Authentication
All CaptureAPI endpoints require authentication via an API key. This guide covers how to obtain, use, and manage your API keys securely.
Getting an API Key
You can get a free API key in two ways:
1. Dashboard (Recommended)
Visit your Dashboard and enter your email address. Your API key will be generated instantly.

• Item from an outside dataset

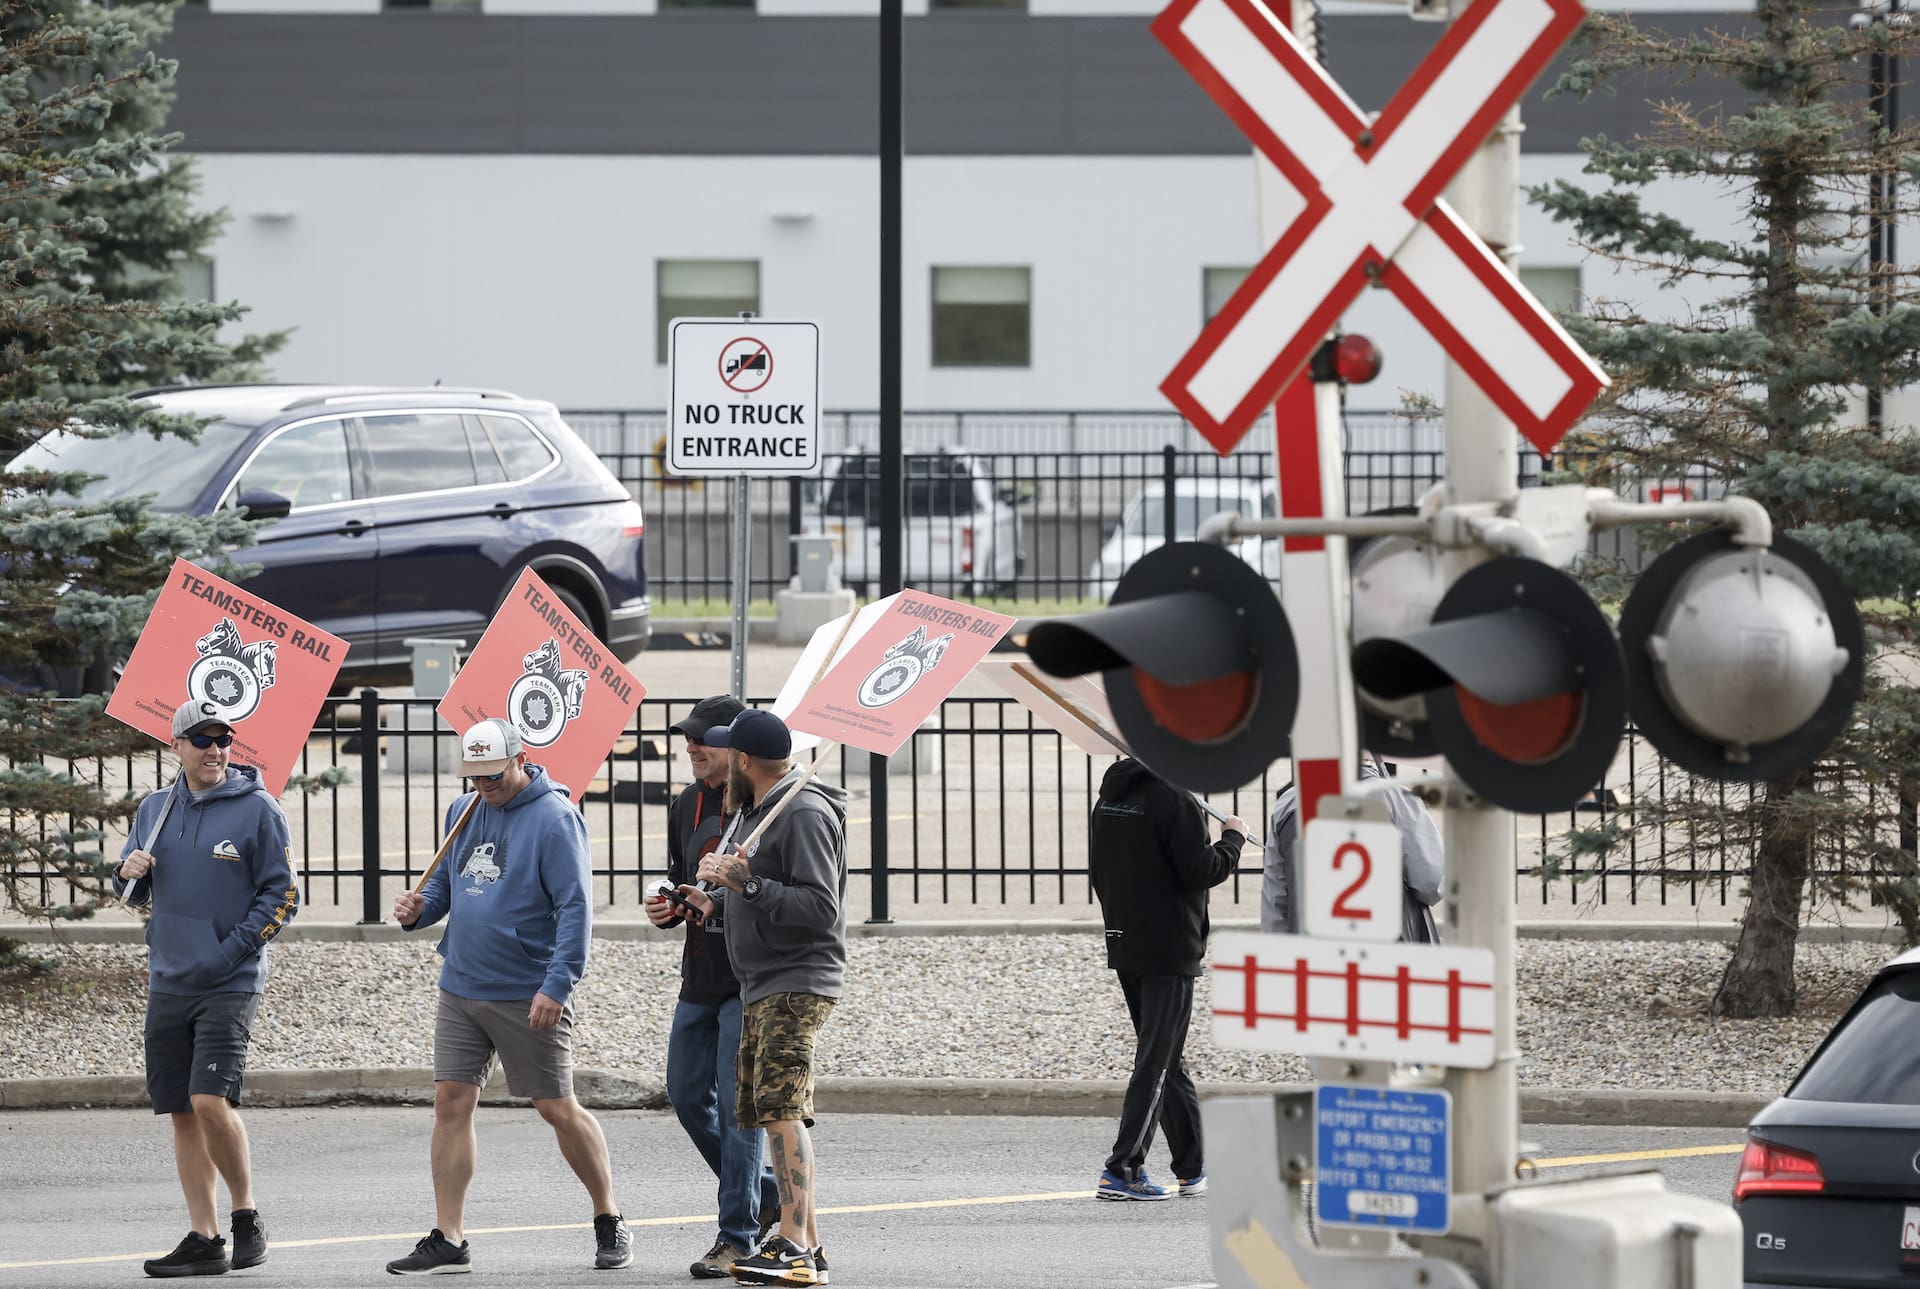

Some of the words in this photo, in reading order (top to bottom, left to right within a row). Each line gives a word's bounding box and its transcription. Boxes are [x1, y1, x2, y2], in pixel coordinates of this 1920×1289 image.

2. API Registration Endpoint
Register programmatically via the API:
curl -X POST "https://captureapi.dev/api/auth/register" \
-H "Content-Type: application/json" \
-d '{"email": "developer@example.com"}'
# Response:
{
"apiKey": "cap_a1b2c3d4e5f6g7h8i9j0k1l2m3n4o5p6",
"plan": "free",
"createdAt": "2026-03-17T12:00:00Z"
}Using Your API Key
Include your API key in the X-API-Key header of every request:
# Header authentication (recommended)
curl "https://captureapi.dev/api/v1/screenshot?url=https://example.com" \
-H "X-API-Key: cap_your_api_key_here"
# Alternative: Bearer token
curl "https://captureapi.dev/api/v1/screenshot?url=https://example.com" \
-H "Authorization: Bearer cap_your_api_key_here"Security Warning
- Never expose your API key in client-side code (JavaScript running in browsers).
- Always make API calls from your server or serverless functions.

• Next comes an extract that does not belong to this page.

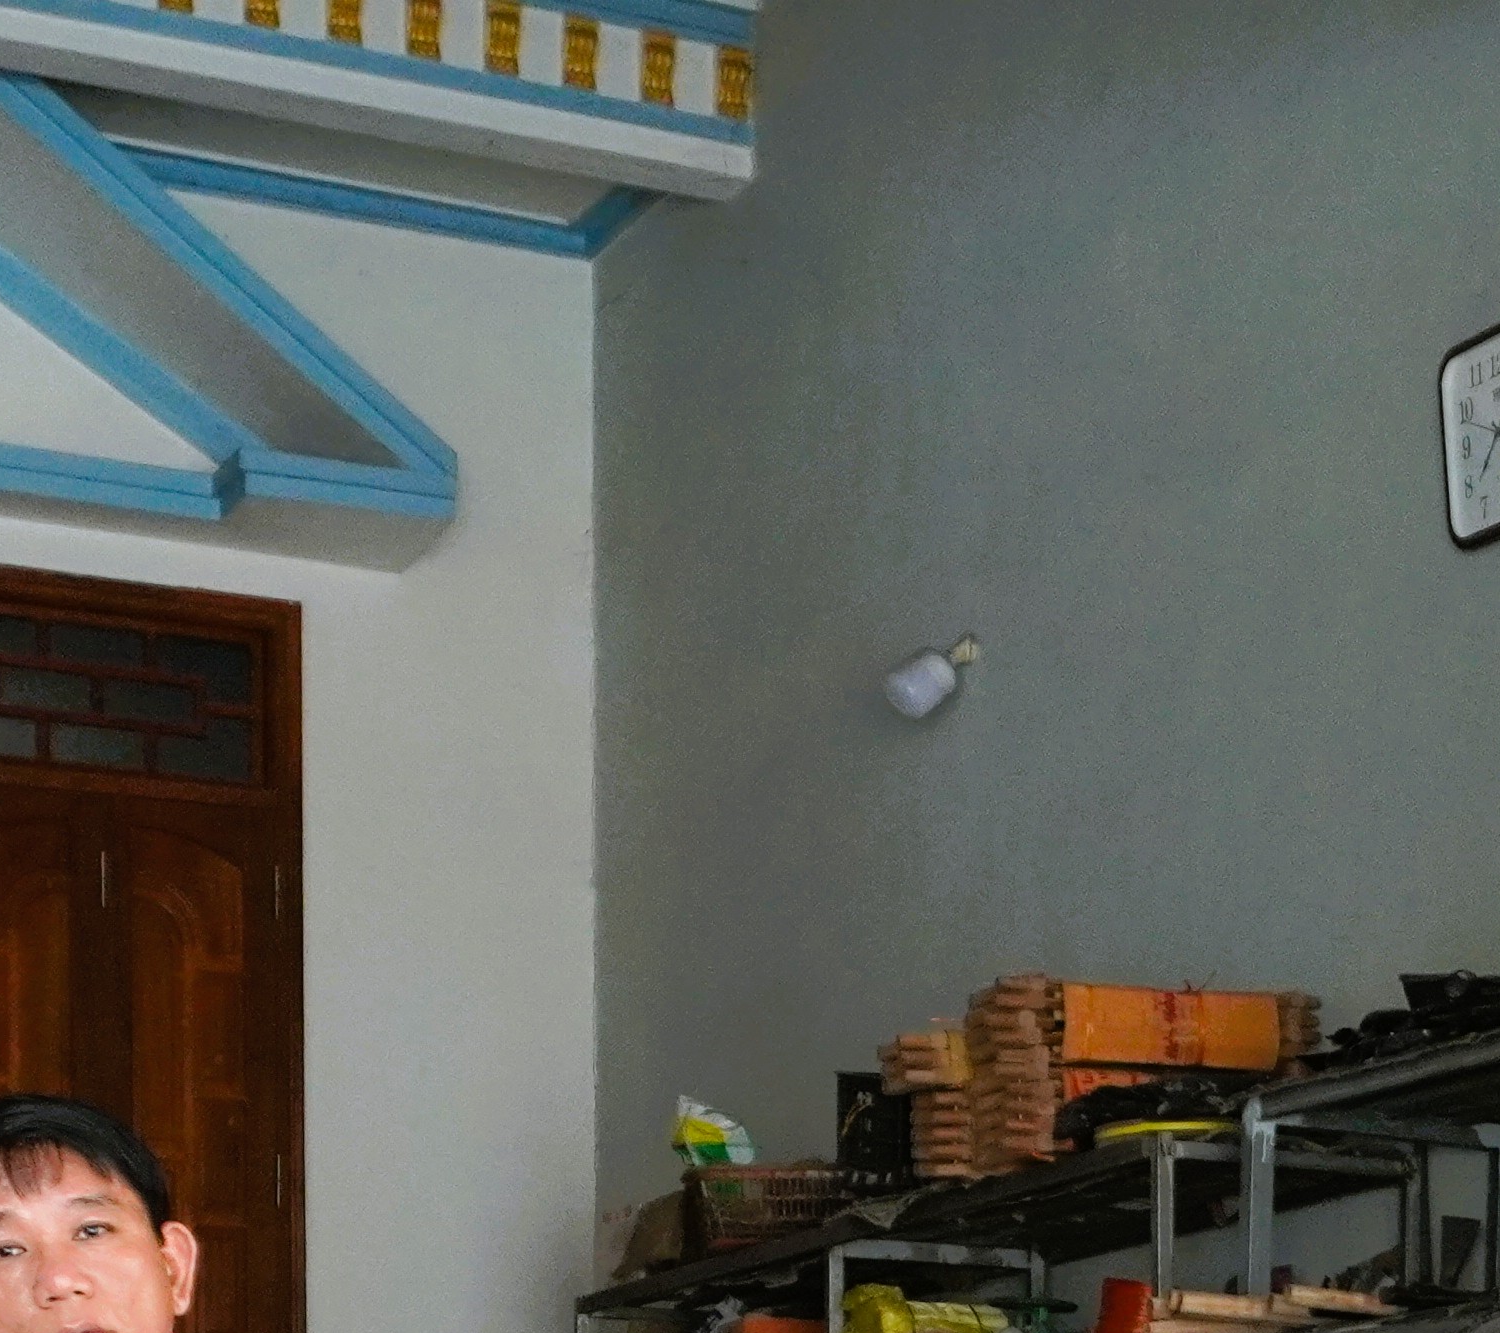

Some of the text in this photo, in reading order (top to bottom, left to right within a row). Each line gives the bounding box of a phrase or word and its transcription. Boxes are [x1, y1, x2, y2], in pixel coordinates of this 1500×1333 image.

- Use environment variables to store your API key.
- Rotate your key immediately if it is compromised.
Rate Limiting
CaptureAPI enforces two types of rate limits to ensure fair usage:
| Plan | Monthly Limit | Per-Second Limit | Burst Allowance |
|---|---|---|---|
| Free | 50 | 1 | +5 requests |
| Pro | 2,000 | 5 | +200 requests |
| Business | 10,000 | 10 | +1,000 requests |
| Enterprise | Unlimited | Unlimited | N/A |
Rate Limit Headers
Every API response includes rate limit information in the headers:
X-RateLimit-Limit: 2000 # Your monthly limit
X-RateLimit-Remaining: 1987 # Remaining requests this month
X-RateLimit-Reset: 2026-04-01 # When the counter resets
X-RateLimit-RetryAfter: 1 # Seconds until next request (per-second limit)Handling Rate Limits
async function captureWithRetry(url, maxRetries = 3) {
for (let i = 0; i < maxRetries; i++) {
const response = await fetch(
`https://captureapi.dev/api/v1/screenshot?url=${encodeURIComponent(url)}`,
{ headers: { "X-API-Key": process.env.CAPTURE_API_KEY } }
);
if (response.status === 429) {
const retryAfter = parseInt(response.headers.get("X-RateLimit-RetryAfter") || "1");
console.log(`Rate limited. Retrying in ${retryAfter}s...`);
await new Promise(resolve => setTimeout(resolve, retryAfter * 1000));
continue;
}
if (!response.ok) throw new Error(`HTTP ${response.status}`);
return response.arrayBuffer();
}
throw new Error("Max retries exceeded");
}Key Management Best Practices
Use Environment Variables
# .env file (never commit this)
CAPTURE_API_KEY=cap_your_api_key_here
# Access in Node.js
const apiKey = process.env.CAPTURE_API_KEY;
# Access in Python
import os
api_key = os.environ["CAPTURE_API_KEY"]Server-Side Only
Always call the CaptureAPI from your backend server, API routes, or serverless functions. Never include API keys in frontend JavaScript, mobile apps, or any client-accessible code.
Add to .gitignore
Ensure your .env files are listed in .gitignore to prevent accidental commits of sensitive data.